Reputation: 27
places= ["Home","In-n Out Burger", "John's house", "Santa Monica Pier", "Staples center", "LA Dodgers stadium", "Home"]
def placesCount(places):
multi_word = 0
count = 0
while True:
place = places[count]
if ' ' in place and place!='LA Dodgers stadium' **""" or anything that comes after LA dogers stadium"""** :
multi_word += 1
if '' in place and place!='LA Dodgers stadium' """ **or anything that comes after LA dogers stadium**""":
count += 1
print (count, "places to LA dodgers stadium"), print (multi_word)
placesCount(places)
I basically want to know how I can stop the while-loop from adding to the list when it reaches a certain element of the list ("LA Dodgers Stadium"
) in this case. It should not add anything after it reaches that element of the list.
Upvotes: 0
Views: 144
Reputation: 25032
Your code seem to work. Here is a slightly better version:
def placesCount(places):
count = 0
multi_word = 0
for place in places:
count += 1
if ' ' in place:
multi_word += 1
if place == 'LA Dodgers stadium':
break
return count, multi_word
Or using itertools:
from itertools import takewhile, ifilter
def placesCount(places):
# Get list of places up to 'LA Dodgers stadium'
places = list(takewhile(lambda x: x != 'LA Dodgers stadium', places))
# And from those get a list of only those that include a space
multi_places = list(ifilter(lambda x: ' ' in x, places))
# Return their length
return len(places), len(multi_places)
An example of how you could then use the function (that didn't change from your original example BTW, the function still behaves the same - accepts a list of places and returns a tuple with the two counts):
places = ["Home","In-n Out Burger", "John's house", "Santa Monica Pier", "Staples center", "LA Dodgers stadium", "Home"]

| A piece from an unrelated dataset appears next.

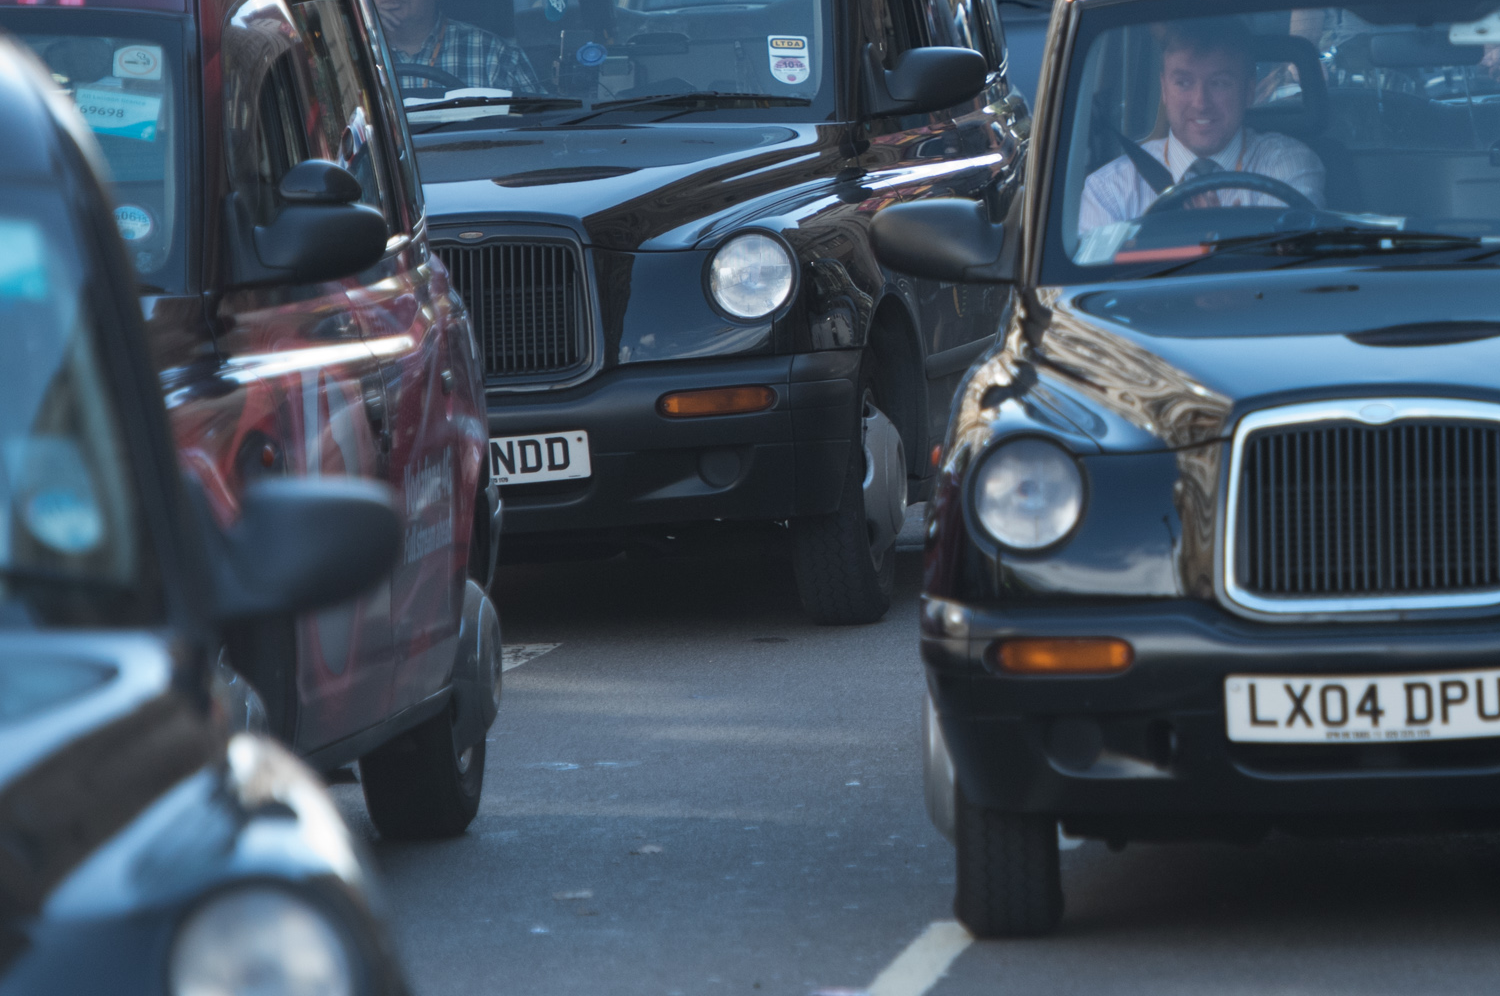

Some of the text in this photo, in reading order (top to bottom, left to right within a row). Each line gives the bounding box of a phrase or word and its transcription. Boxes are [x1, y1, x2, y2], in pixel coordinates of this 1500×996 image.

[80, 105, 124, 118] 69698
[490, 436, 570, 476] NDD
[1248, 683, 1384, 728] LX04

# Run the function and save the results
count_all, count_with_spaces = placesCount(places)
# Print out the results
print "There are %d places" % count_all
print "There are %d places with spaces" % count_with_spaces
Upvotes: 2
Reputation: 482
This code seems to work just fine. I printed out the result of placesCount, which was (6, 5). Looks like this means the function hit 6 words, of which 5 were multi words. That fits with your data.
As Fredrik mentioned, using a for place in places loop would be a prettier way of accomplishing what you're trying to do.